Die Gazetten sind voll von Geschichten, die auf den ersten Blick aussehen, als wären sie im Paulanergarten geschrieben worden. Da liest man ungläubig von Erben, die „besteuer‘ mich härter, Staat!“ rufen oder von verwirrten Aktivisten, welche, „verbietet uns endlich etwas“ fordern. Man fragt sich, was das wohl für Menschen sind und ob sich deren Ruf nach Fremdbestimmung nicht praktischer durch Eigeninitiative und Selbstverzicht würde befriedigen lassen. Schließlich hält der Finanzminister für Menschen, die unter diesem Zwang leiden, diskret eine Kontonummer bereit und das Verbot zu fliegen oder Fleisch zu essen kann man sich – noch dazu mit sozialmedialem Applaus – auch selbst auferlegen. Doch aus dem Holz, aus welchem solche Menschen gemacht sind, werden nun mal die Löffel geschnitzt, mit denen der Rest der Republik die von der Politik bereitete Suppe auslöffeln muss. Die neueste überschwängliche Äußerung aus dieser Reihe gehört deshalb etwas genauer unter die Lupe genommen. Die RND-Kolumnistin Insa Thiele-Eich hat sie geschrieben, „Warum ich mir mehr Verbote wünsche“ ist der Artikel betitelt.

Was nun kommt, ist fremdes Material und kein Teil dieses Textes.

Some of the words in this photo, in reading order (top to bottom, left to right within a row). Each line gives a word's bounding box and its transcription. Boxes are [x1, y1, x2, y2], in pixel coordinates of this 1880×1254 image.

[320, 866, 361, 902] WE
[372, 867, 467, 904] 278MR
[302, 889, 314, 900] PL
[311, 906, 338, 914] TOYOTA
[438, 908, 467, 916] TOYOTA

Das Verbot als Erleichterung
„Nicht im Restaurant rauchen, nicht ohne Gurt fahren: Unser Alltag ist voller Verbote, manche von ihnen bemerken wir schon gar nicht mehr. Aus Sicht von RND-Kolumnistin Insa Thiele-Eich können Verbote eine Erleichterung sein. Ja, sie findet sogar: Gerade wenn es um den Klimaschutz geht, braucht es mehr Verbote.“
An dieser redaktionellen Einführung sind gleich mehrere Dinge bemerkenswert. Leicht erkennt man zunächst den Verkäufertrick: ziehe zur Untermauerung deiner Argumente keine strittigen Sachverhalte heran und vermeide, die Antwort „nein“ zu erhalten. Gesetzliche Regelungen (die nebenbei gesagt auch nicht in Stein gemeißelt sind) als Beispiele zu nehmen, die keinen Widerspruch hervorrufen, bringt den Leser gleich auf die Seite der Autorin. Wer bekennt schon öffentlich, sich im Auto nicht anzugurten? Wer wagt es heute, sich im Restaurant eine Zigarre anzuzünden und den Kellner nach einem Aschenbecher zu fragen? Und wer das alles nicht tut, der will doch sicher auch dem Klima helfen, oder?

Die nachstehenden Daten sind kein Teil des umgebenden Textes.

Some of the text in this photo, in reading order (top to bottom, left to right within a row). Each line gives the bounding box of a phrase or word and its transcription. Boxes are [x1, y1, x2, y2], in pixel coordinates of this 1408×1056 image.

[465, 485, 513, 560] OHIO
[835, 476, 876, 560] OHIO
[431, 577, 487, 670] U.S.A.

Womit wir beim heimlichen Teil wären, der kurzen Fahrt ohne Gurt, dem Clubraum in der Kneipe, in dem verbotswidrig bis heute geraucht wird, der roten Ampel, nachts um halb drei zwischen Kleinsiehstenich und Hintertupfingen. Oder, wenn wir schon beim Klima sind, beim heimlichen Gasgrill, der zweiten Bratwurst in fleischloser Zeit, der Katze, dem Hund, dem Benzinrasenmäher. Verbote, die das Verhalten von Menschen regeln, sind nur so gut wie der der Wille, sie zu achten oder die Macht, sie zu erzwingen. Fragen Sie unsere Faerser-Nancy, die mit Messerverboten gerade von Erfolg zu Erfolg eilt.
Ein weiteres Merkmal, das man leicht übersieht, ist das beim Leser vorausgesetzte Gefühl, dass die Gurtpflicht (StVO) und der aktivistisch aufgeblasene Klimaschutz in dieselbe Kategorie fallen. Da steht scheinbar nichts mehr in Frage, wer sich im Auto anschnallt, dem kann man auch fürs Klima irgendwas verbieten.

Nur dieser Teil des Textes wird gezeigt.